* [DATASET EXCERPTS]:
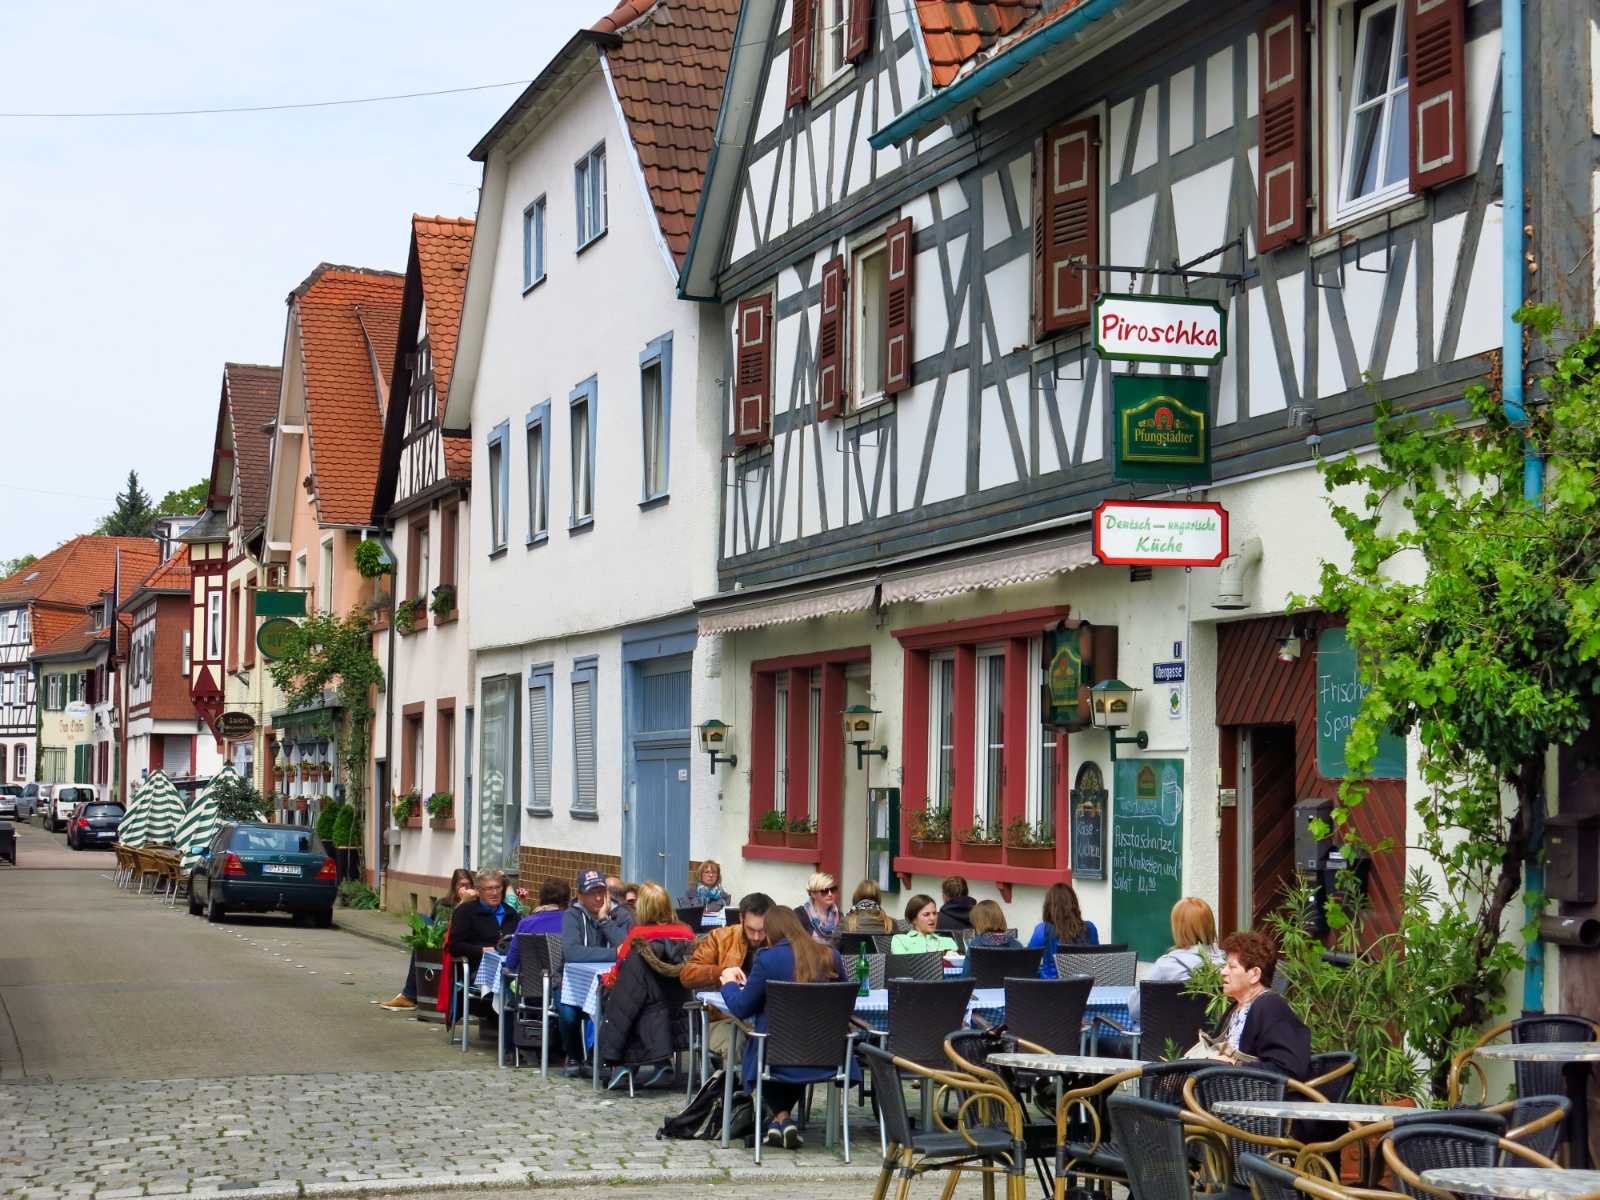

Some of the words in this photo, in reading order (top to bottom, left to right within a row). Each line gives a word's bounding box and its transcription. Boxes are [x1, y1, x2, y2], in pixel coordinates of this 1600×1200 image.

[1102, 313, 1218, 346] Piroschka
[1134, 428, 1194, 446] Pfungstädter
[1135, 536, 1184, 553] Küche
[1154, 665, 1183, 681] Obergasse
[1114, 825, 1179, 854] Pusztaschnitzel
[1113, 848, 1127, 869] mit
[1163, 856, 1179, 881] und
[1113, 870, 1134, 893] Salat
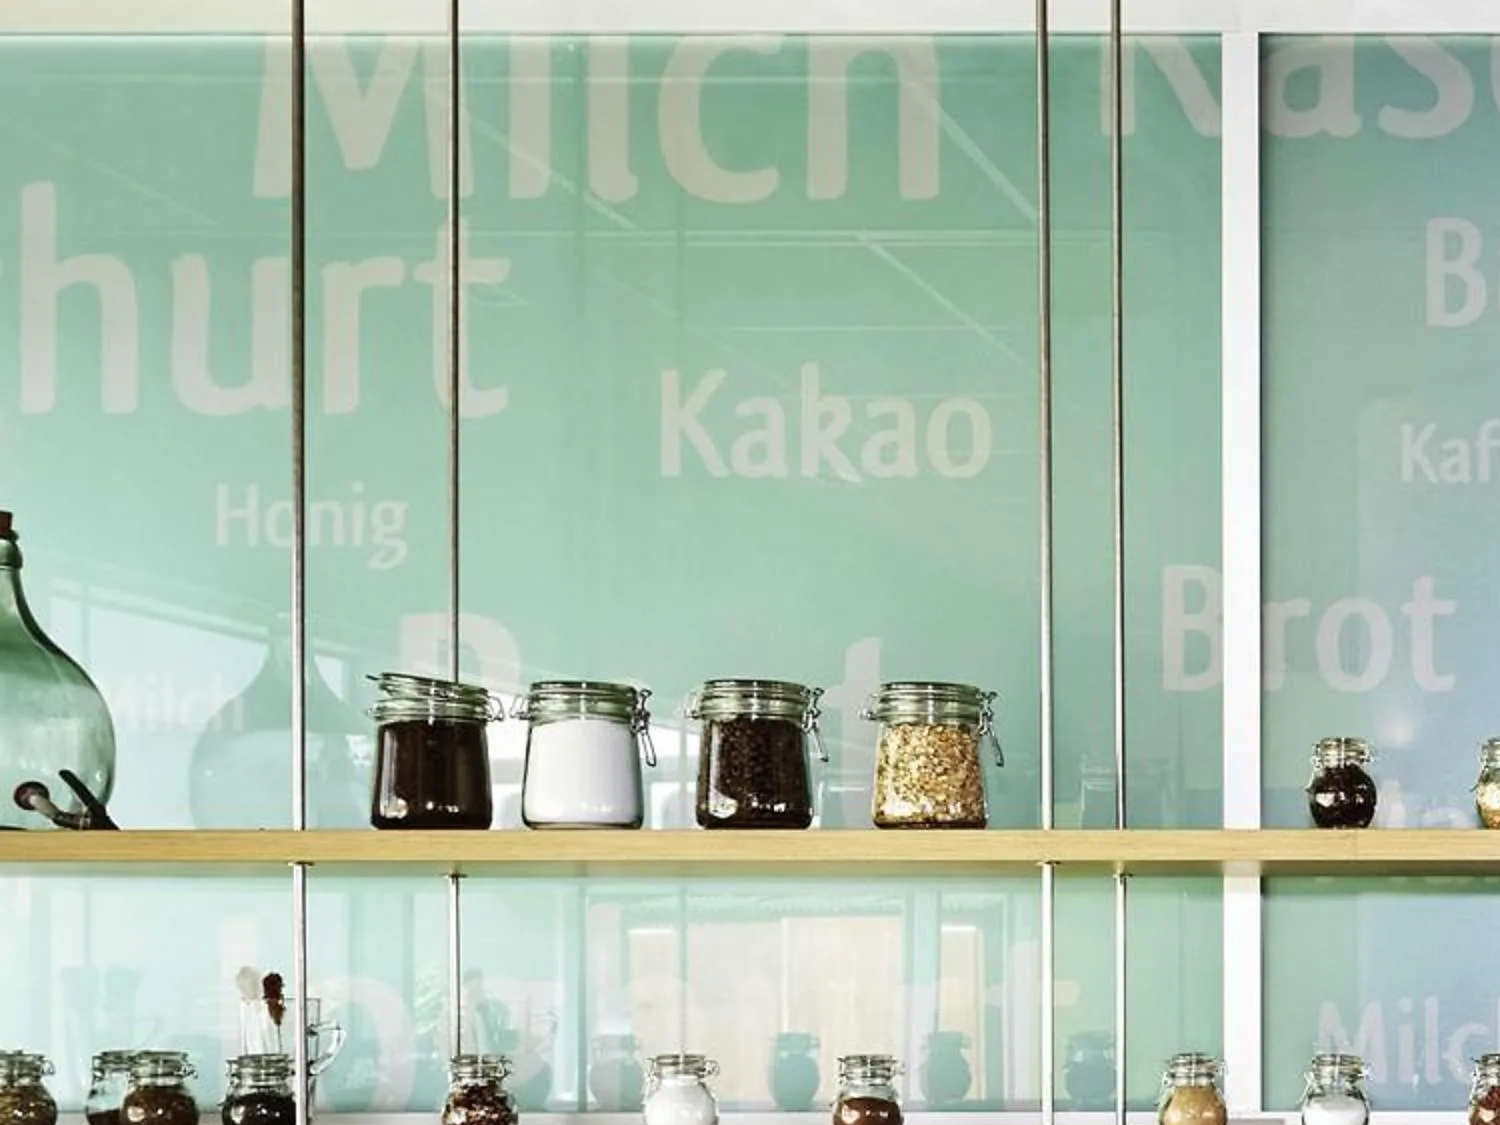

* [WHAT IS REQUIRED]: The answer is the records above, repeated exactly, with no picture in it.

* [SOLUTION TO THIS TASK]:
Some of the words in this photo, in reading order (top to bottom, left to right within a row). Each line gives a word's bounding box and its transcription. Boxes are [x1, y1, x2, y2], in pixel coordinates of this 1600×1200 image.

[1102, 313, 1218, 346] Piroschka
[1134, 428, 1194, 446] Pfungstädter
[1135, 536, 1184, 553] Küche
[1154, 665, 1183, 681] Obergasse
[1114, 825, 1179, 854] Pusztaschnitzel
[1113, 848, 1127, 869] mit
[1163, 856, 1179, 881] und
[1113, 870, 1134, 893] Salat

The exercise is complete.